Today, November 9, we will mark 14 full years of daily joy and celebrate our 15th birthday. Fifteen feels dangerously close to seventeen. In a couple years, I will have been doing this for half of my lifetime. Currently, 44% of my life has been Happiness tracked.
Today, November 9, I will post Day 5115. For the five thousand, one hundred, and fifteenth time, I will write “Happiness is” and I will put two periods after it instead of the full, grammatically correct ellipsis. I will share something that is bringing me joy. I will—as I am wont to do on big anniversaries—wax attempted poetic at the milestone.
And then, tomorrow, on November 10, I will post again. Because even though November 9 is our birthday and even though November 9 is what we celebrate as Joy Day, November 10 also deserves a moment of appreciation. Because there was no promise after that first post that there could be something more. No guarantee until I posted again. And again.
Until I became a self-fulfilling prophecy of my own Happiness.
So as I sit in a coffee shop on the quiet autumnal anniversary of our founding, here are fifteen things I have learned:
Some days you won’t want to post. Some days will be comically bad or deeply dark and the last thing you will want to do is post something lighthearted and fun.
You will post anyway. You will post because you told yourself you would and because, after all, there has to be something.
And throughout the days and months and years, those days will start to feel further and farther between. There will be less days that you teeter on the edge of 11:30, wondering if you have something to be happy about.
You will begin to look for it. What usually would pass as a fleeting moment suddenly becomes an opportunity to share Happiness.
When you see a 5-month-old golden retriever puppy named Lemon at the coffee shop, you will leave your computer and say hello and think about how that brief interaction could be captured, could be immortalized, in a Happiness is.
You will sometimes end the evening in your camera reel and find yourself reliving a moment you forgot from earlier in the day—a perfectly brewed tea, a tree with the most beautiful hues.
You’ll find new depth to annual occurrences.
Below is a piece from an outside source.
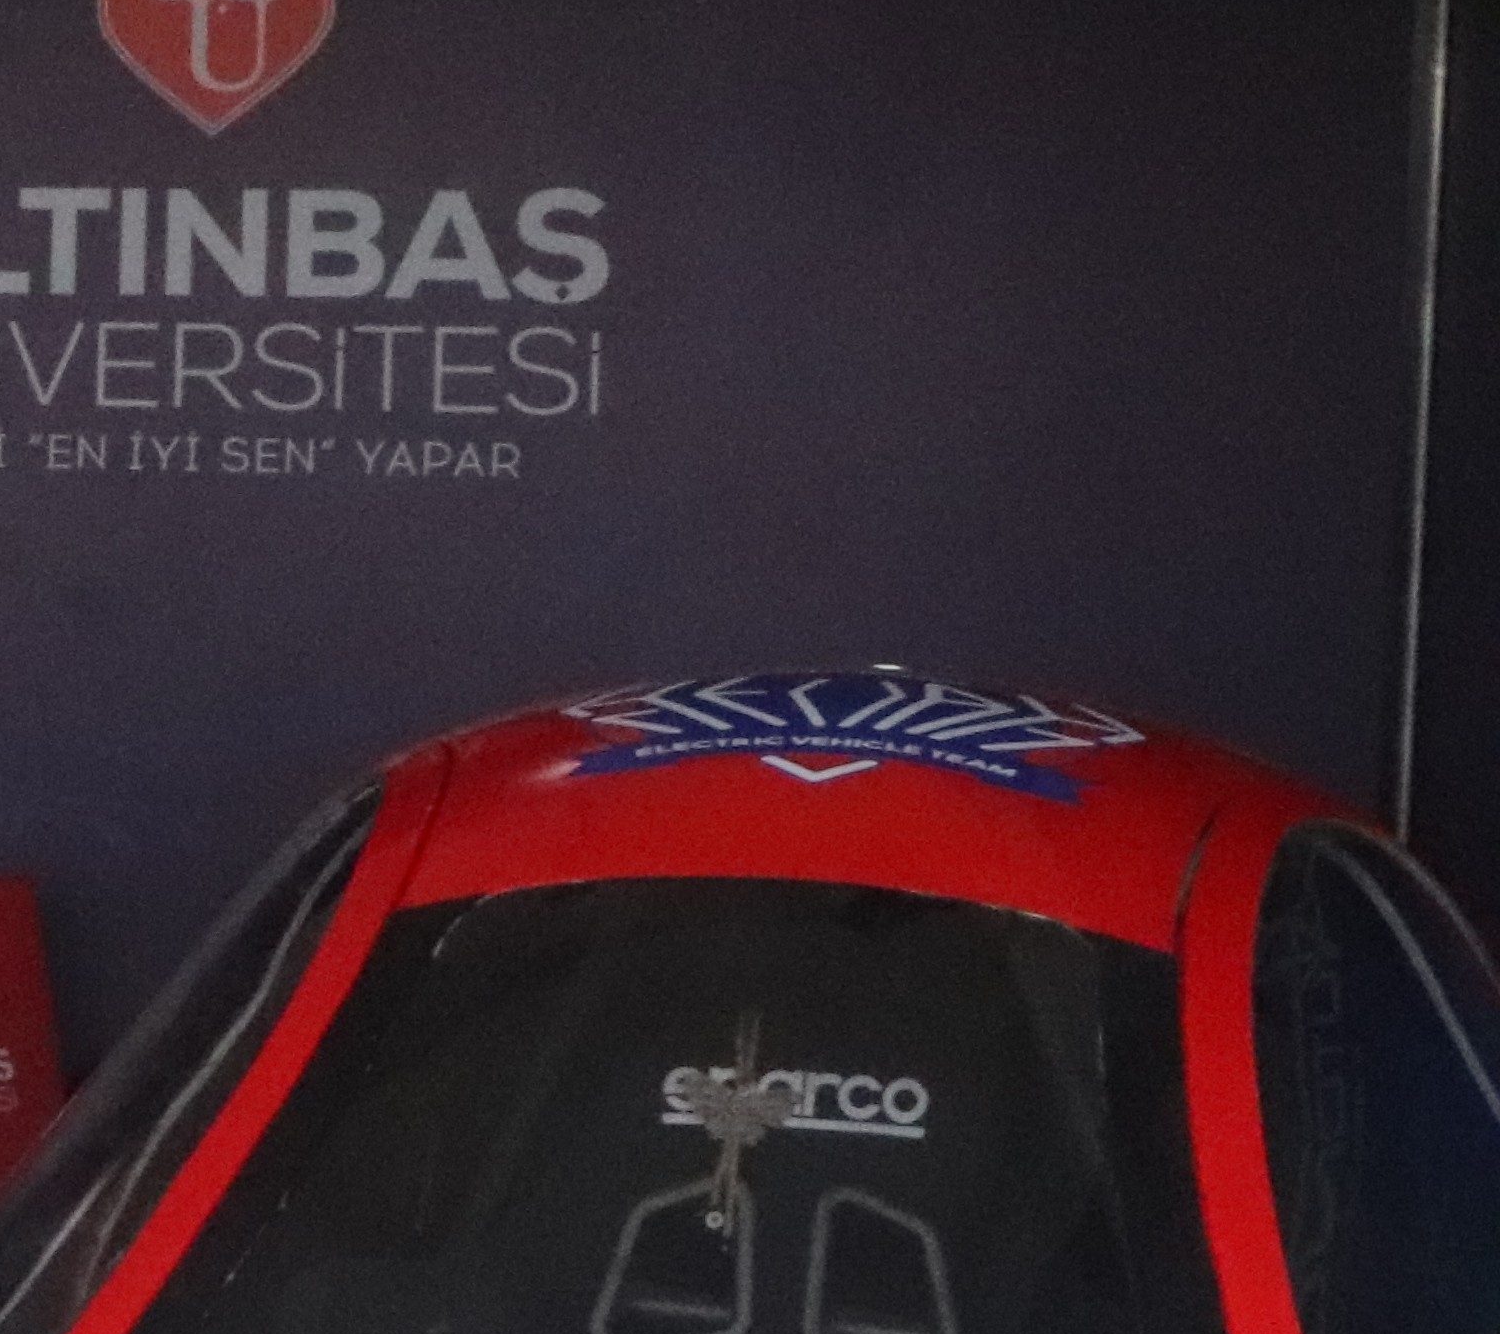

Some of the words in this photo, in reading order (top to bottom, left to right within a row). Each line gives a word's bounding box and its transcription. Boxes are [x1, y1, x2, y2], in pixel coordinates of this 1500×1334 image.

You can only say “Happiness is.. New Year’s Eve” once.
Every time you have a particularly good bowl of soup, you will want to write about it.
Some days, you will have so many joys it is nearly impossible to choose just one.
Some days, you won’t have any… and the previous overflowing days will have to compensate.
You will watch yourself grow up.
You will watch your joys change.
In my case, you will see Happiness about high school (Day 143: Happiness is.. that big sigh of relief moment at 2:31 pm on a Friday.) and college (Day 1388: Happiness is.. the positive peer pressure that reminds you how easy it is to cross things off your college bucket list.) and adulthood (Day 4340: Happiness is.. when a colleague casually mentions that the grocery store next to your office has a specific type of tea you've been meaning to restock in your stash.)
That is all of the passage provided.